**Your instructions:**
For each entry below, write an exact copy and leave out the images.
-*-*-
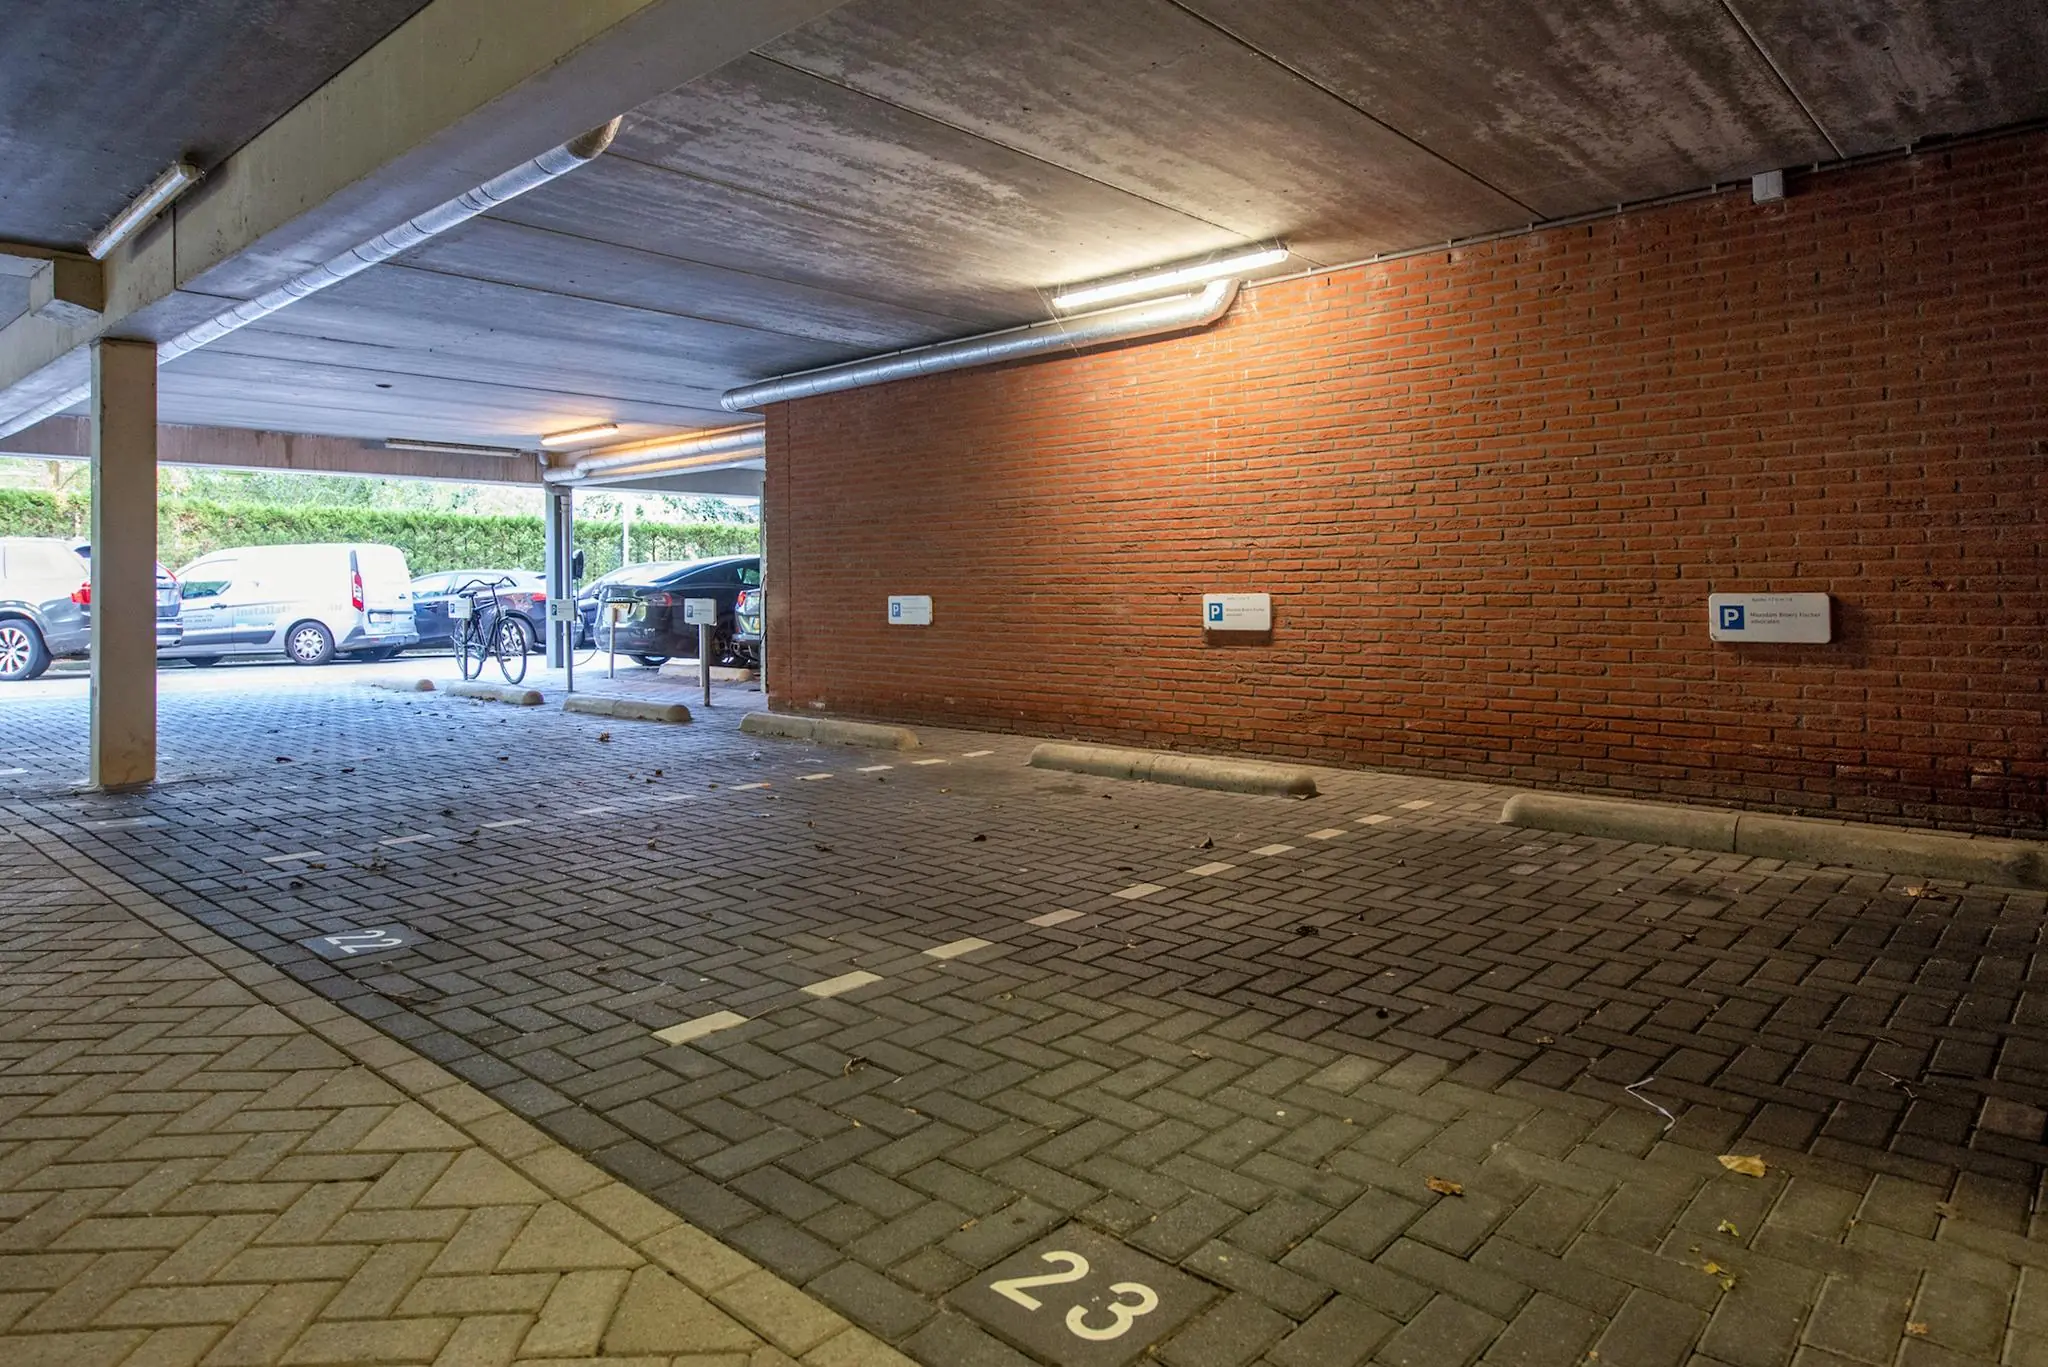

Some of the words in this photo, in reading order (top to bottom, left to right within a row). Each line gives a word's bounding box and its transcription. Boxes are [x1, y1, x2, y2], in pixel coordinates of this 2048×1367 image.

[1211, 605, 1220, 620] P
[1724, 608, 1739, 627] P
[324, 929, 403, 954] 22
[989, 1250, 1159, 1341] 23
-*-*-
**Expected answer:**
Some of the words in this photo, in reading order (top to bottom, left to right within a row). Each line gives a word's bounding box and its transcription. Boxes are [x1, y1, x2, y2], in pixel coordinates of this 2048×1367 image.

[1211, 605, 1220, 620] P
[1724, 608, 1739, 627] P
[324, 929, 403, 954] 22
[989, 1250, 1159, 1341] 23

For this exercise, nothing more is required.